**What the task asks**
From the first line to the last, transcribe the data exactly.

[Data items]

_ _ _ _

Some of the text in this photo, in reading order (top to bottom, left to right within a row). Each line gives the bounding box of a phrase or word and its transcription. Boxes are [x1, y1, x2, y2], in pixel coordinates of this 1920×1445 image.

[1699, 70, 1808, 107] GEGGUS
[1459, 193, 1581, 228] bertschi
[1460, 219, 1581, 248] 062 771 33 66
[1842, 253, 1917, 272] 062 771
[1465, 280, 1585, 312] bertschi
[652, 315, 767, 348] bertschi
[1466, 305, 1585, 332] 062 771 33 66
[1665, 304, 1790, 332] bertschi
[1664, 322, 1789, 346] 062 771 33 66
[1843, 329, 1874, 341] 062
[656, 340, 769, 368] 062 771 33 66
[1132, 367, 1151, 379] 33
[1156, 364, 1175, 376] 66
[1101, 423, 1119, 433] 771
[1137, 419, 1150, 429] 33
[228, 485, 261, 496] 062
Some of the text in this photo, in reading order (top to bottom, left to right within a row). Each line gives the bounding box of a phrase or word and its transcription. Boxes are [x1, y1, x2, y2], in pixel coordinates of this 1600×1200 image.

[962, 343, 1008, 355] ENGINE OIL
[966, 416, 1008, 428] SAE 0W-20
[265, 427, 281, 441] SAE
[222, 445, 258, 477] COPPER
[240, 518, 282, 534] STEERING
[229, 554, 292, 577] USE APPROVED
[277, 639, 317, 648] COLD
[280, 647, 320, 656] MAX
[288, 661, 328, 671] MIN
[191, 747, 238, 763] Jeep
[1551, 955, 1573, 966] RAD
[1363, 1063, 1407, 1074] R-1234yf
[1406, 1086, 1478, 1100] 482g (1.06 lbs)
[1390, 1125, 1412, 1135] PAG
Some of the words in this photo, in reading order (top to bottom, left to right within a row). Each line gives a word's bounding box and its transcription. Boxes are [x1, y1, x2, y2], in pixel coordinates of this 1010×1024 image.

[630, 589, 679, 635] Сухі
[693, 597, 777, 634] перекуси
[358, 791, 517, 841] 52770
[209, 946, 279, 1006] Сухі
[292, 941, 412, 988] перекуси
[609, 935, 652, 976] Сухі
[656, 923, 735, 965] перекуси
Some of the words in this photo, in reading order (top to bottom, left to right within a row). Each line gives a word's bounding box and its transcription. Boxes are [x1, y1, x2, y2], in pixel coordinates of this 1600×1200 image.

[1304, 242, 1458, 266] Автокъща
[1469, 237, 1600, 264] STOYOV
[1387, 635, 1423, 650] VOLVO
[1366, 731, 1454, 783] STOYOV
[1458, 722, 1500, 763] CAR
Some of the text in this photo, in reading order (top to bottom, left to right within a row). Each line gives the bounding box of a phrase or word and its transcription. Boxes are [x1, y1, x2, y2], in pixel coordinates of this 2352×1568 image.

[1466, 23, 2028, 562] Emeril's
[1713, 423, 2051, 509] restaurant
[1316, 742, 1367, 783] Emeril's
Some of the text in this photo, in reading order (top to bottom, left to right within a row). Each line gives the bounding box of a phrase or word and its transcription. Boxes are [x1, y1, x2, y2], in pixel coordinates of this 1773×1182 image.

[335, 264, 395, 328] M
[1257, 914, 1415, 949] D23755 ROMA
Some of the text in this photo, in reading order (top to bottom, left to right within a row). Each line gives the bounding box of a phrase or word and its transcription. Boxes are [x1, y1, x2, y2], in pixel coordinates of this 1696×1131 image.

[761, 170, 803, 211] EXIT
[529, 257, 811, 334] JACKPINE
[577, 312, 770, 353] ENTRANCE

_ _ _ _

**Response below**
Some of the text in this photo, in reading order (top to bottom, left to right within a row). Each line gives the bounding box of a phrase or word and its transcription. Boxes are [x1, y1, x2, y2], in pixel coordinates of this 1920×1445 image.

[1699, 70, 1808, 107] GEGGUS
[1459, 193, 1581, 228] bertschi
[1460, 219, 1581, 248] 062 771 33 66
[1842, 253, 1917, 272] 062 771
[1465, 280, 1585, 312] bertschi
[652, 315, 767, 348] bertschi
[1466, 305, 1585, 332] 062 771 33 66
[1665, 304, 1790, 332] bertschi
[1664, 322, 1789, 346] 062 771 33 66
[1843, 329, 1874, 341] 062
[656, 340, 769, 368] 062 771 33 66
[1132, 367, 1151, 379] 33
[1156, 364, 1175, 376] 66
[1101, 423, 1119, 433] 771
[1137, 419, 1150, 429] 33
[228, 485, 261, 496] 062
Some of the text in this photo, in reading order (top to bottom, left to right within a row). Each line gives the bounding box of a phrase or word and its transcription. Boxes are [x1, y1, x2, y2], in pixel coordinates of this 1600×1200 image.

[962, 343, 1008, 355] ENGINE OIL
[966, 416, 1008, 428] SAE 0W-20
[265, 427, 281, 441] SAE
[222, 445, 258, 477] COPPER
[240, 518, 282, 534] STEERING
[229, 554, 292, 577] USE APPROVED
[277, 639, 317, 648] COLD
[280, 647, 320, 656] MAX
[288, 661, 328, 671] MIN
[191, 747, 238, 763] Jeep
[1551, 955, 1573, 966] RAD
[1363, 1063, 1407, 1074] R-1234yf
[1406, 1086, 1478, 1100] 482g (1.06 lbs)
[1390, 1125, 1412, 1135] PAG
Some of the words in this photo, in reading order (top to bottom, left to right within a row). Each line gives a word's bounding box and its transcription. Boxes are [x1, y1, x2, y2], in pixel coordinates of this 1010×1024 image.

[630, 589, 679, 635] Сухі
[693, 597, 777, 634] перекуси
[358, 791, 517, 841] 52770
[209, 946, 279, 1006] Сухі
[292, 941, 412, 988] перекуси
[609, 935, 652, 976] Сухі
[656, 923, 735, 965] перекуси
Some of the words in this photo, in reading order (top to bottom, left to right within a row). Each line gives a word's bounding box and its transcription. Boxes are [x1, y1, x2, y2], in pixel coordinates of this 1600×1200 image.

[1304, 242, 1458, 266] Автокъща
[1469, 237, 1600, 264] STOYOV
[1387, 635, 1423, 650] VOLVO
[1366, 731, 1454, 783] STOYOV
[1458, 722, 1500, 763] CAR
Some of the text in this photo, in reading order (top to bottom, left to right within a row). Each line gives the bounding box of a phrase or word and its transcription. Boxes are [x1, y1, x2, y2], in pixel coordinates of this 2352×1568 image.

[1466, 23, 2028, 562] Emeril's
[1713, 423, 2051, 509] restaurant
[1316, 742, 1367, 783] Emeril's
Some of the text in this photo, in reading order (top to bottom, left to right within a row). Each line gives the bounding box of a phrase or word and its transcription. Boxes are [x1, y1, x2, y2], in pixel coordinates of this 1773×1182 image.

[335, 264, 395, 328] M
[1257, 914, 1415, 949] D23755 ROMA
Some of the text in this photo, in reading order (top to bottom, left to right within a row). Each line gives the bounding box of a phrase or word and its transcription. Boxes are [x1, y1, x2, y2], in pixel coordinates of this 1696×1131 image.

[761, 170, 803, 211] EXIT
[529, 257, 811, 334] JACKPINE
[577, 312, 770, 353] ENTRANCE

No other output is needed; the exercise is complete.